Elimination of genes with a mean expression value below 0.5.
-
2.
Exclusion of genes with uniform expression across all five breast cancer subtypes, indicating low variance.
-
3.
Detection of outliers. To identify outliers, our pipeline utilizes hierarchical clustering of the samples based on their expression profiles within the R environment (version 3.6)29.
Primary ceRNA networks
In the second step of the Pre_CLM_BCS pipeline, we construct a primary ceRNA network named \(P^{C} = \left( {N^{C} ,E^{C} } \right)\) for each breast cancer subtype \(C \in BCS\) using gene expression data from dataset \(\Delta^{C}\). Here, \(N^{C} \) represents the collection of mRNAs, lncRNAs, and circRNAs in the dataset as nodes. The set of edges (interactions) in this network is defined as \( E^{C}\), where each edge between two RNAs from set \(N^{C}\) indicates their interaction30. To identify these interactions, we utilize the Pearson correlation coefficient (PCC) for the gene expression dataset \(\Delta^{C}.\)
Our approach for constructing a primary ceRNA network is rooted in the ceRNA regulatory model. According to this model, lncRNAs and circRNAs compete with miRNAs, resulting in opposing effects on mRNA expression31,32. Therefore, when the expression of an miRNA increases, there is a corresponding decrease in the levels of lncRNAs, mRNAs, and circRNAs. This competition weakens the positive correlation among miRNAs, lncRNAs, and mRNAs33,34.

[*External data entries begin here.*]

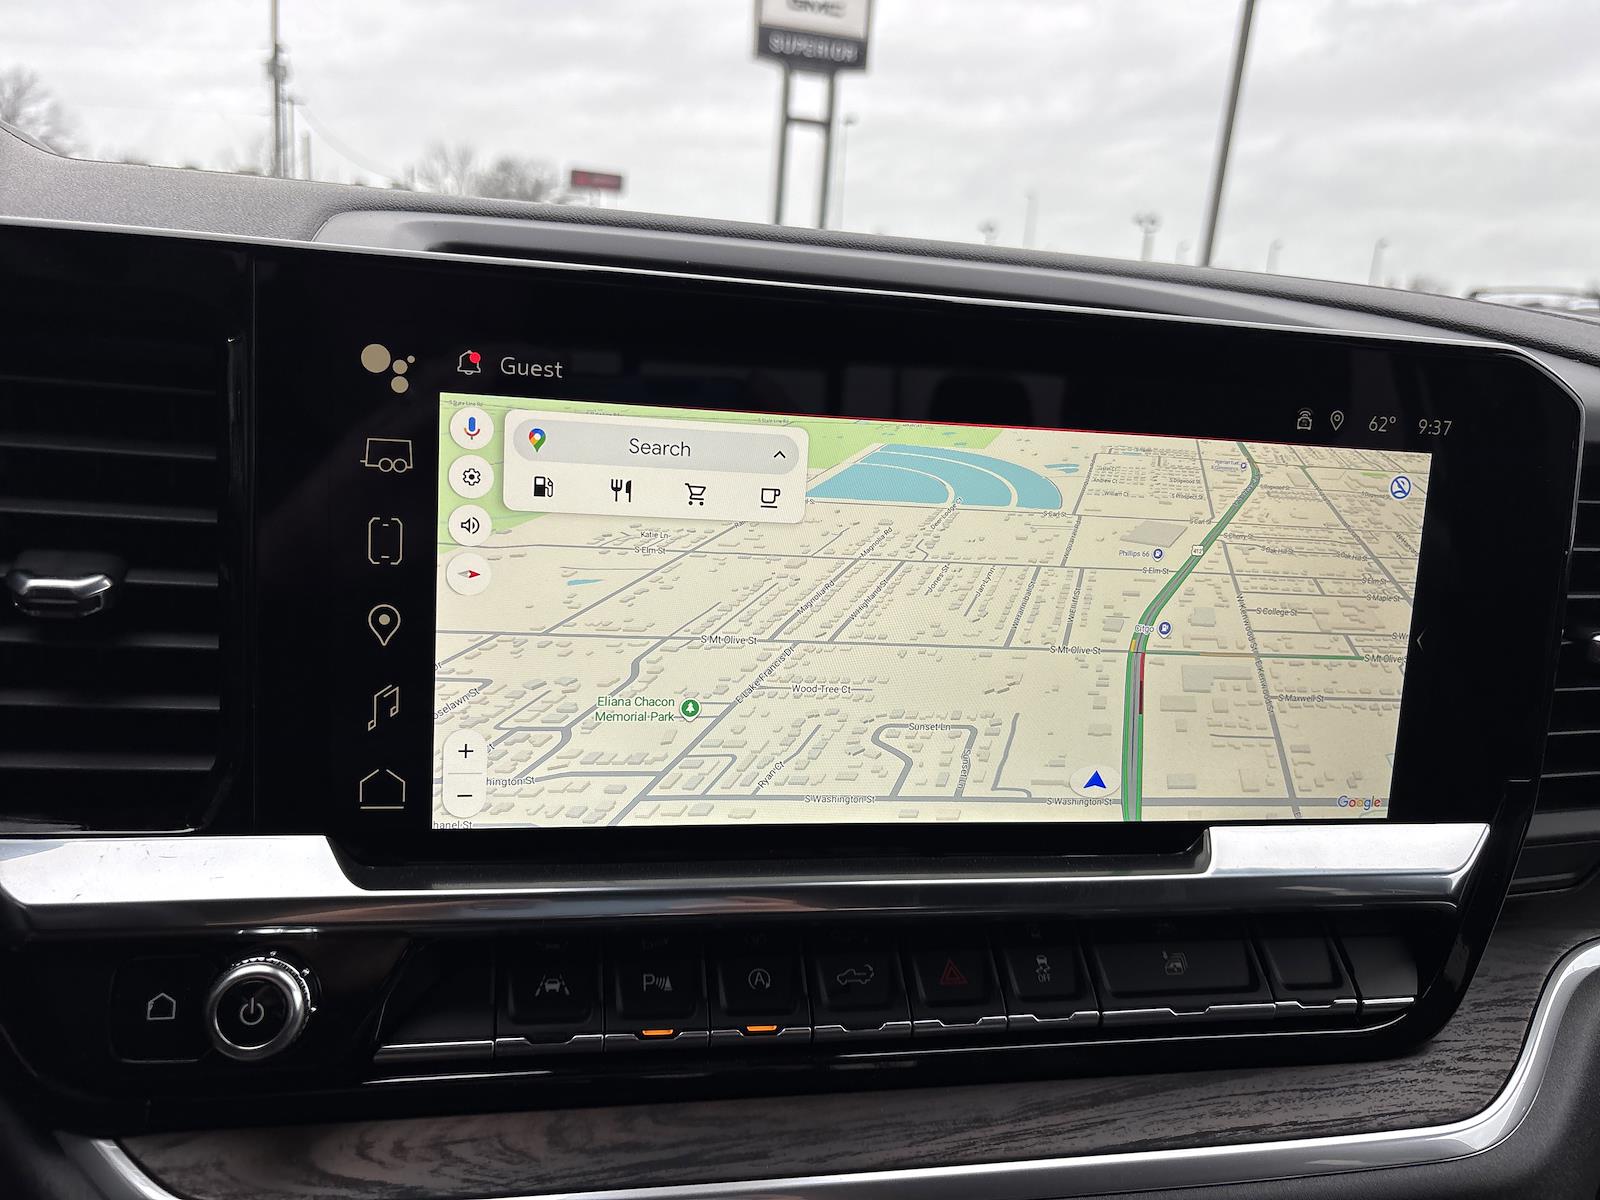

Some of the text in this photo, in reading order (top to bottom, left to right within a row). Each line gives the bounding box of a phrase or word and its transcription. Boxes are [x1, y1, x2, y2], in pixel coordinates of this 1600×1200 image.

[769, 31, 857, 62] SUPERIOR
[500, 356, 563, 378] Guest
[1418, 418, 1452, 436] 9:37
[628, 437, 692, 457] Search
[930, 518, 942, 530] Deer
[942, 502, 958, 520] Lodge
[860, 526, 893, 558] Magnolia Rd
[1119, 550, 1140, 558] Phillips
[928, 572, 943, 593] Jones
[976, 567, 995, 597] Jan Lynn
[798, 580, 835, 615] Magnolia Rd
[857, 586, 882, 614] Highland
[1263, 608, 1289, 617] College
[1238, 603, 1256, 641] Kenwood
[1135, 625, 1154, 634] Citgo
[701, 635, 757, 645] S Mt Olive St
[1050, 645, 1101, 655] S Mt Olive St
[1364, 654, 1370, 662] S
[1383, 655, 1401, 663] Olive
[742, 678, 760, 698] Lake
[758, 656, 786, 683] Francis
[784, 646, 795, 658] Dr
[841, 685, 851, 694] Ct
[1257, 667, 1273, 706] Kenwood
[468, 688, 480, 698] St
[597, 696, 675, 707] Eliana Chacon
[595, 712, 675, 722] Memorial Park
[909, 723, 951, 731] Sunset Ln
[960, 750, 971, 779] Sunset
[758, 761, 786, 790] Ryan Ct
[486, 777, 535, 788] hington St
[805, 795, 811, 803] S
[812, 795, 864, 805] Washington
[1047, 798, 1112, 808] S Washington St
[1338, 796, 1381, 810] Google
[463, 821, 472, 829] St
[1038, 974, 1050, 982] OFF

Consequently, a simultaneous increase in mRNA expression along with either lncRNA or circRNA implies the potential downregulation of a specific miRNA. To explore interactions as edges in the primary ceRNA network \(P^{C}\) among lncRNAs and mRNAs, we utilize the miRTarBase and TarBase databases to access experimentally verified mRNA–miRNA interactions.35,36 We also extract experimentally verified mRNA–miRNA interactions from the miRTarBase database.

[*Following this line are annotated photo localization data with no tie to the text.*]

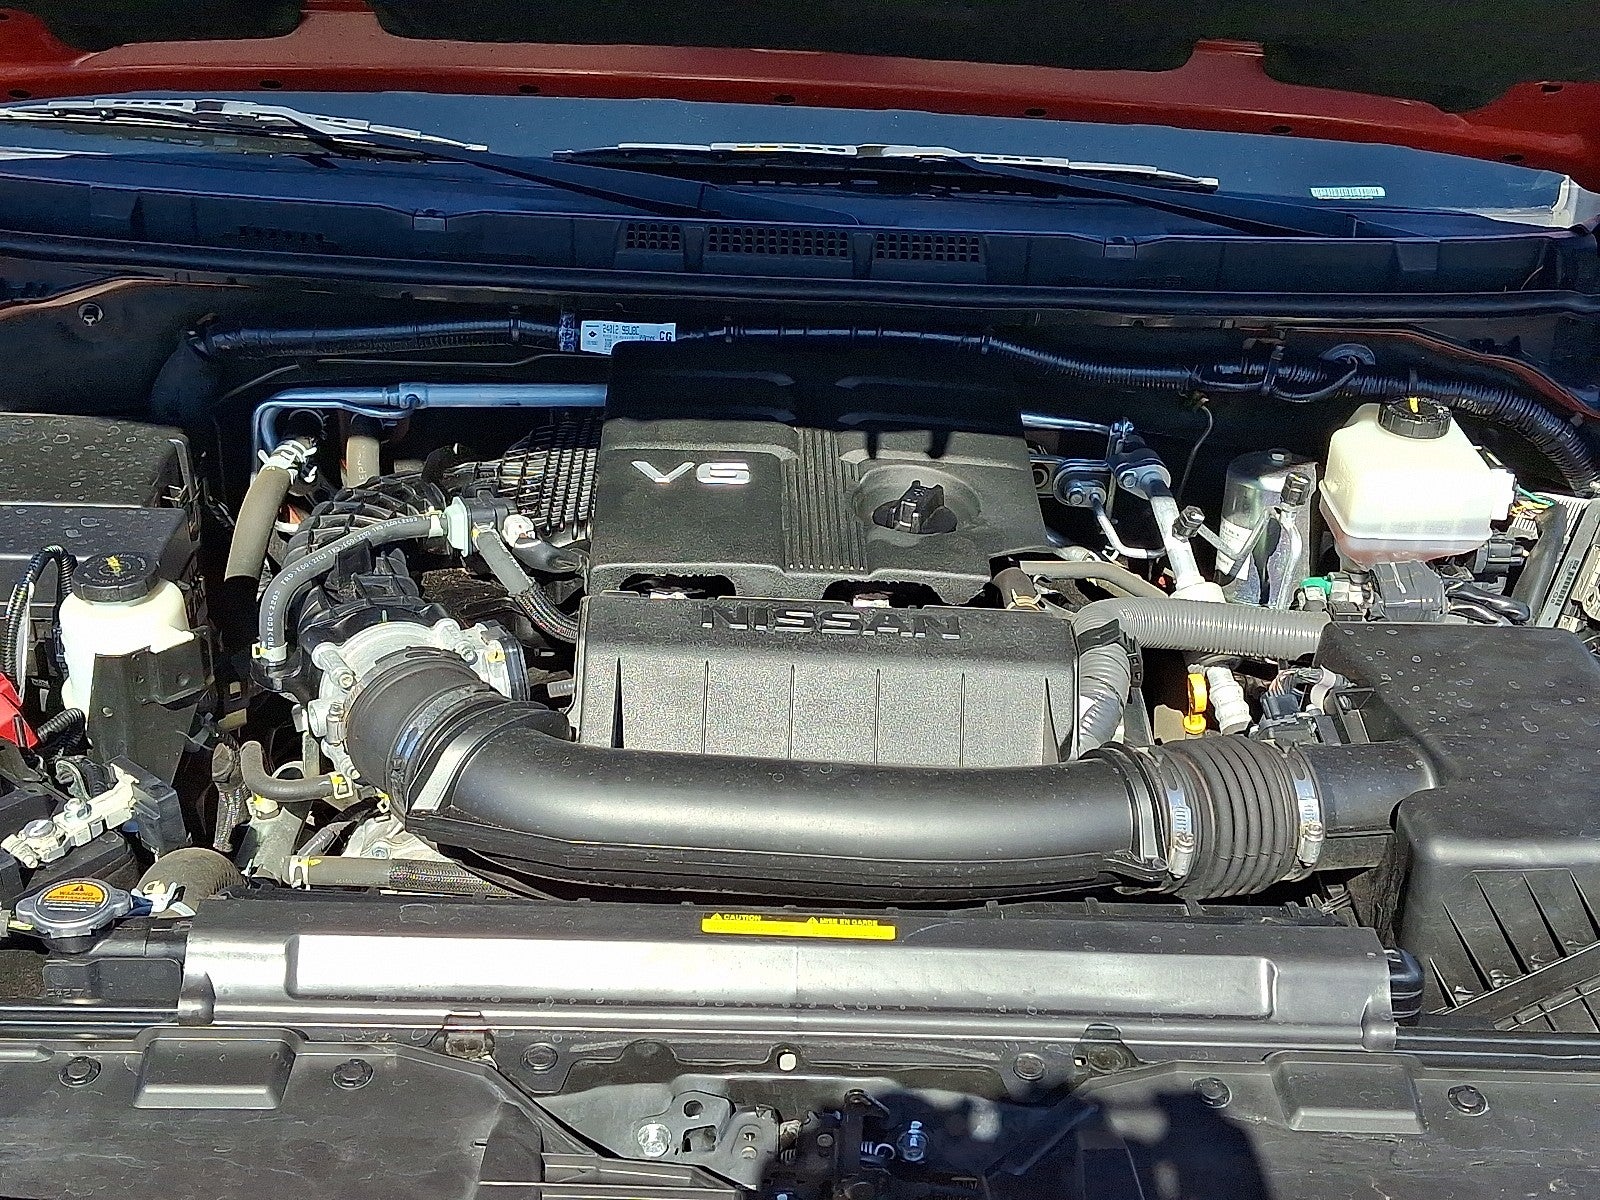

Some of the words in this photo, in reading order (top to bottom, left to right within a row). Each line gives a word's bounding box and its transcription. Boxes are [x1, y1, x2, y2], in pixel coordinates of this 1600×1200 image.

[659, 330, 673, 342] CG
[631, 460, 751, 485] V6
[701, 604, 961, 641] NISSAN
[723, 914, 762, 922] CAUTION
[819, 917, 838, 925] MISE
[839, 918, 851, 926] EN
[851, 919, 878, 927] GARDE

To predict interactions as edges among the union of mRNAs and lncRNAs in the set \(N^{C}\), following the ceRNA regulatory model, we compute the PCC on the gene expression data of the RNAs, extracting their interactions from the miRTarBase and TarBase databases. In other words, assuming there is a documented interaction between miRNA A and both mRNA B and lncRNA C in the databases, we predict an edge between mRNA B and lncRNA C if the gene expression data shows a negative PCC between miRNA A and mRNA B, as well as between miRNA A and lncRNA C. Simultaneously, there should be a positive PCC between the gene expression data of mRNA B and lncRNA C. Therefore, in cases where lncRNAs and miRNAs share a common miRNA, as indicated in the mentioned databases, we forecast potential interaction between them.

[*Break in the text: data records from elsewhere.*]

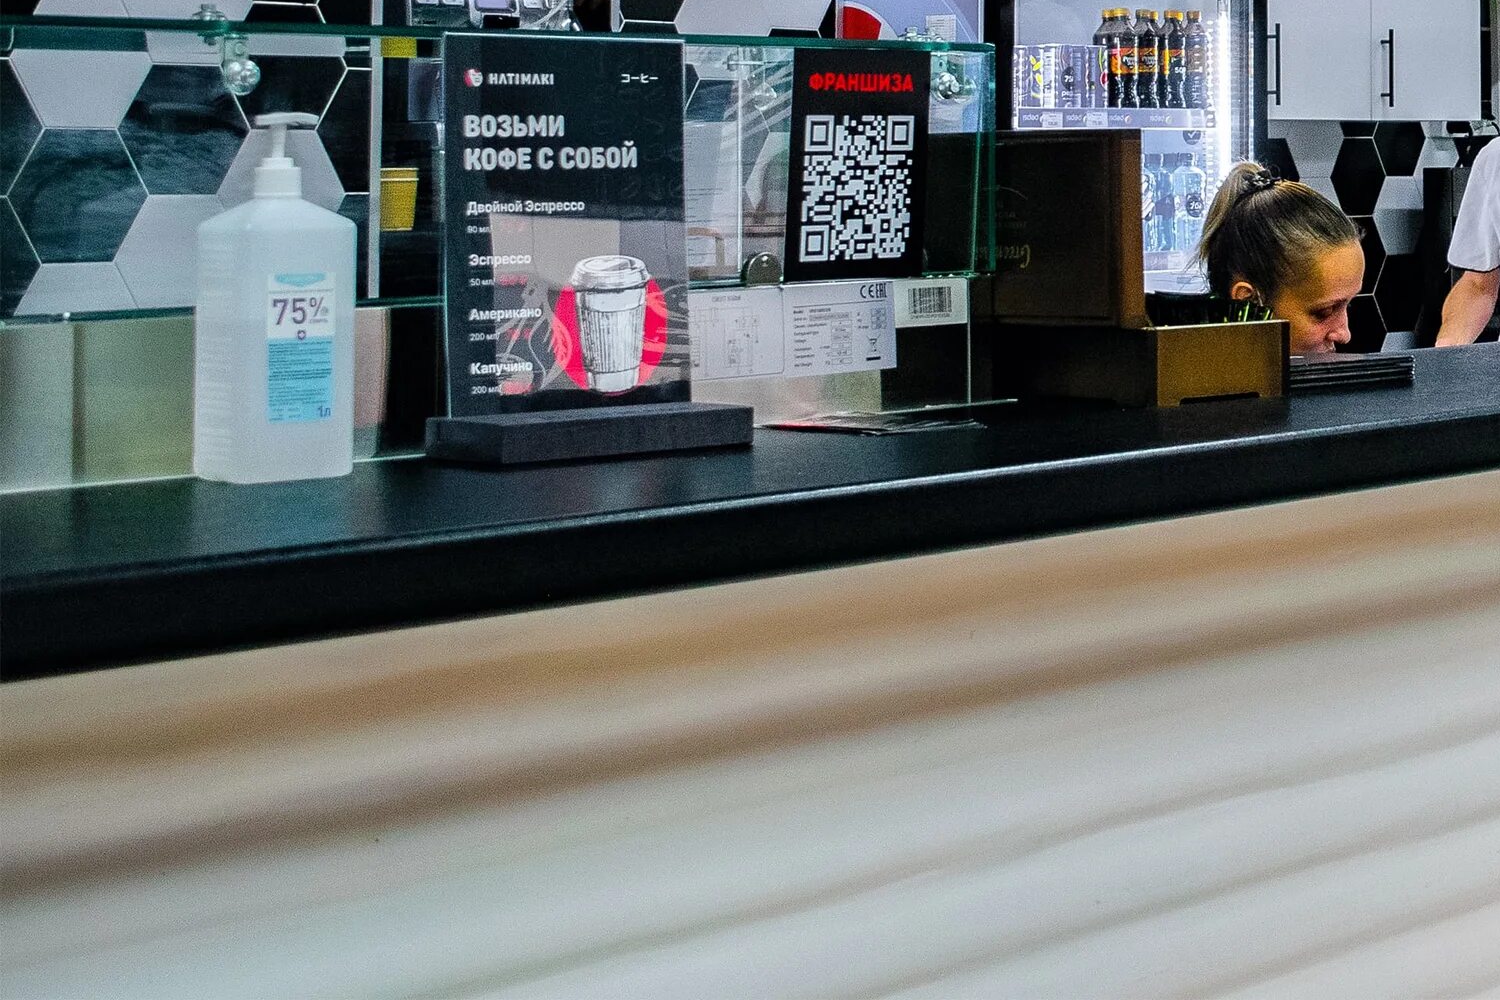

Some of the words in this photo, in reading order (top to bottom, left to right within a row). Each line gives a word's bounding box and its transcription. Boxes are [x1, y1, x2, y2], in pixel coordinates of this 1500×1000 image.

[488, 73, 554, 86] HATIMAKI
[621, 73, 659, 83] コーヒー
[809, 72, 914, 93] ФРАНШИЗА
[463, 114, 565, 138] ВОЗЬМИ
[463, 147, 532, 171] КОФЕ
[536, 147, 554, 170] С
[559, 140, 638, 169] СОБОЙ
[467, 199, 523, 216] Двойной
[525, 199, 586, 215] Эспрессо
[469, 254, 532, 267] Эспрессо
[273, 296, 325, 326] 75%
[469, 306, 542, 321] Американо
[469, 333, 486, 342] 200
[470, 361, 533, 376] Капучино
[471, 386, 488, 395] 200
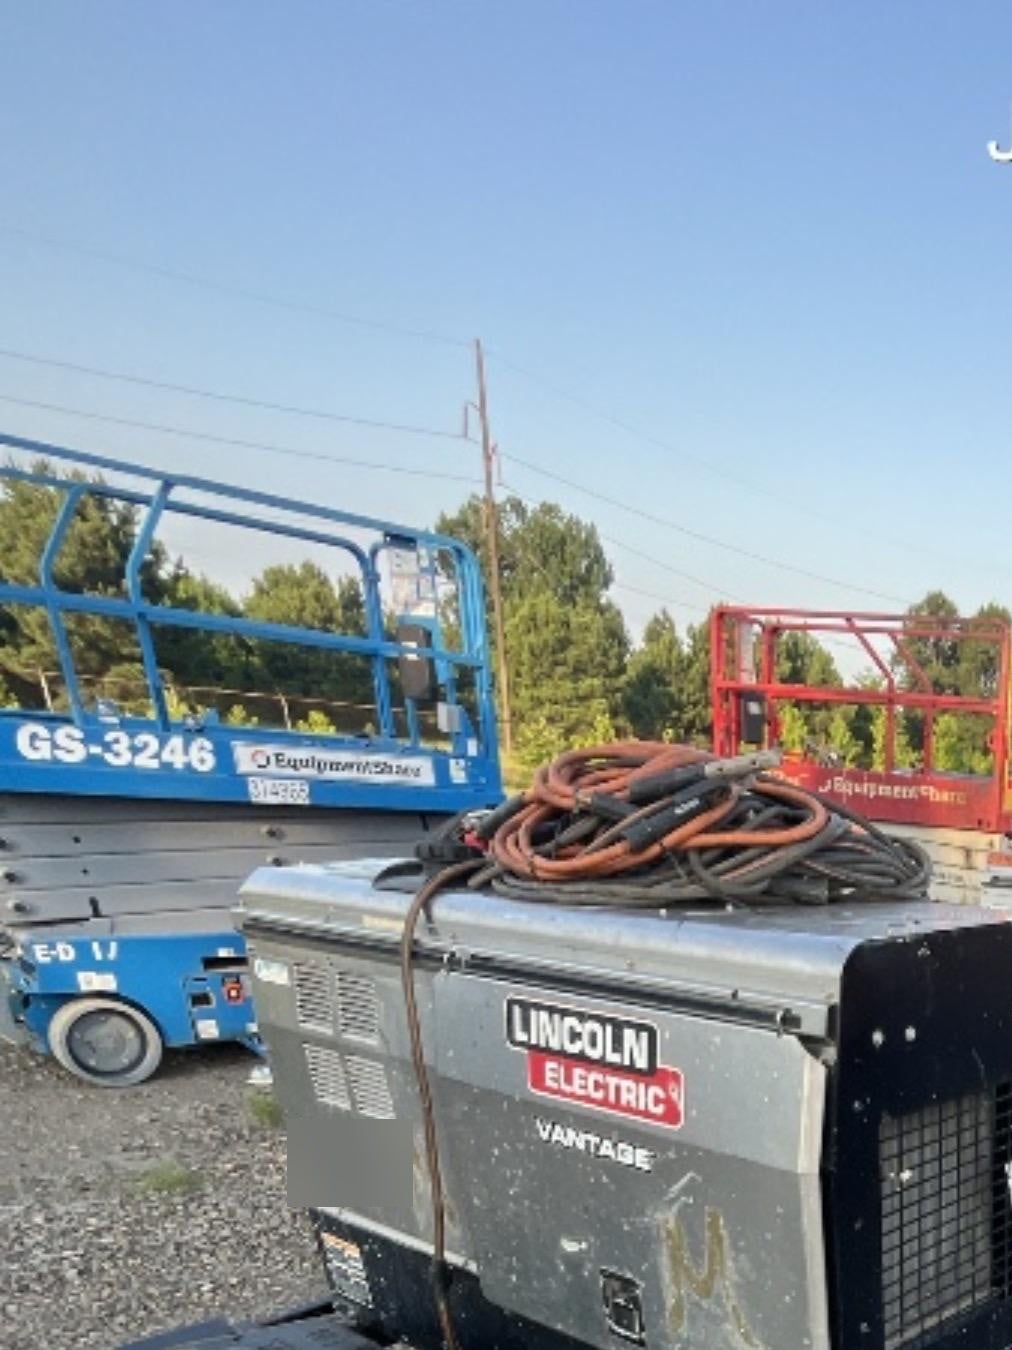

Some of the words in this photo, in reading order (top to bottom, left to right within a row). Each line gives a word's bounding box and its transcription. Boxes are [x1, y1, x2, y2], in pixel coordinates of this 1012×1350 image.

[16, 723, 216, 772] GS-3246
[512, 1004, 649, 1071] LINCOLN
[544, 1060, 667, 1115] ELECTRIC
[536, 1117, 656, 1172] VANTAGE

Due to the absence of experimental interaction data between circRNAs and miRNAs, we predict interactions among circRNAs or between circRNAs and mRNAs solely based on the PCC. In other words, to infer the interactions between circRNAs and mRNAs, we calculate the PCC for each pairing of circRNAs with miRNAs, mRNAs with miRNAs, and circRNAs with mRNAs. We predict an interaction between a circRNA and an mRNA when there is a positive PCC between their gene expression data, as well as a negative PCC between the gene expression data of the circRNA and a miRNA, as well as between the mRNA and that miRNA.
For both the scenarios: negative PCC values between microRNAs with lncRNAs, mRNAs, and circRNAs, and positive PCC values among lncRNAs, mRNAs, and circRNAs pairings, a stringent threshold of an absolute PCC surpassing 0.4 and a p value beneath 0.05 is instated for statistical robustness. Meanwhile, we remove RNAs from the set \(N^{C}\) if they lack edges connecting them to other RNAs.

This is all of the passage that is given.